Thirteen Notes on Legitimate
A listed meditation, plus two readings in Colorado
It’s been several weeks since my last post; a shift of seasons brings a shift in approach. I begin a series of meditations on words. This is, after all, the Church of Language. Word #1: legitimate.
This word came up while performing bibliomancy (divination by book) with Until Our Lungs Give Out: Conversations on Race, Justice, and the Future by George Yancy. The book is structured as a series of interviews between Yancy and other trenchant thinkers—Noam Chomsky, Mari Matsuda, Judith Butler, Akwugo Emejulu, many more. I asked for a message and was pointed to a passage by historian Eric Forner. In talking about the 2021 January 6 attack on the US Capital, Forner speaks of two historical precedents: the 1873 Colfax Massacre in Louisiana and the Wilmington coup of 1898. In all three, armed white men (and, in 2021, white women) violently seized or attempted to seize (2021) control of a governing body.
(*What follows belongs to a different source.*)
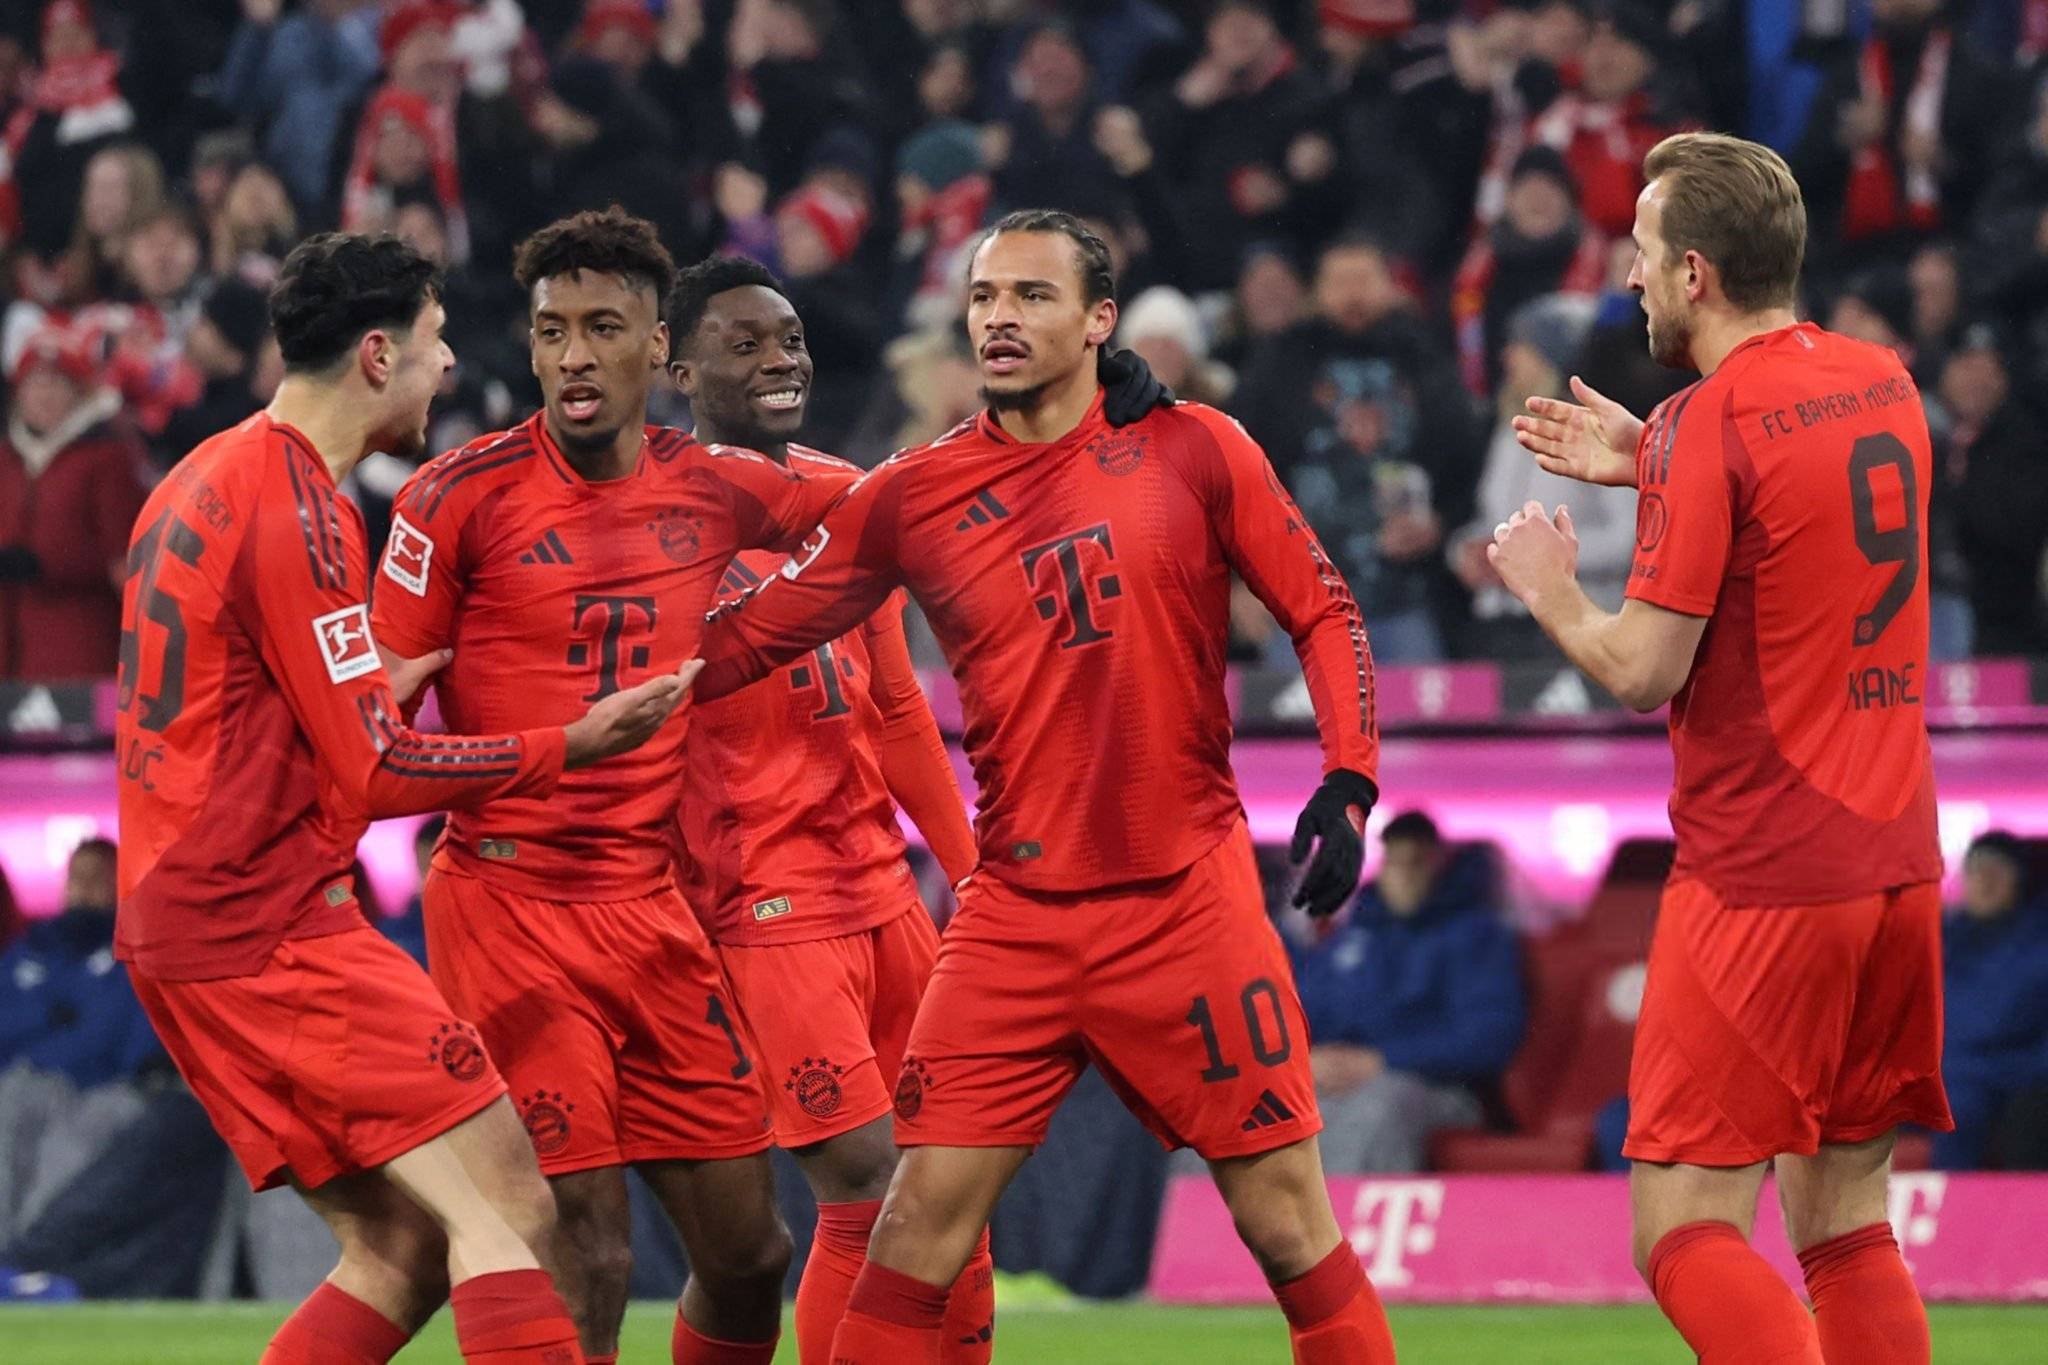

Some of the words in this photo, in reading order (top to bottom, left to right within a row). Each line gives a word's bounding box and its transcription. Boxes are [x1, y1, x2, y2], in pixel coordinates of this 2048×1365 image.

A common thread between these events, notes Forner, is an “inability or unwillingness to accept African Americans as legitimate members of American society, and to accept African American votes as legitimate.”
Since the mid-15th century, legitimate often referred to a “lawfully begotten” child—a babe born of parents legally married. Not a bastard. A legitimate child inherited their parent’s property. (Do you see the heir in inherit?) The “lawful” part of legitimate brings words like right and moral, justified and kind into legitimate’s connotative surround.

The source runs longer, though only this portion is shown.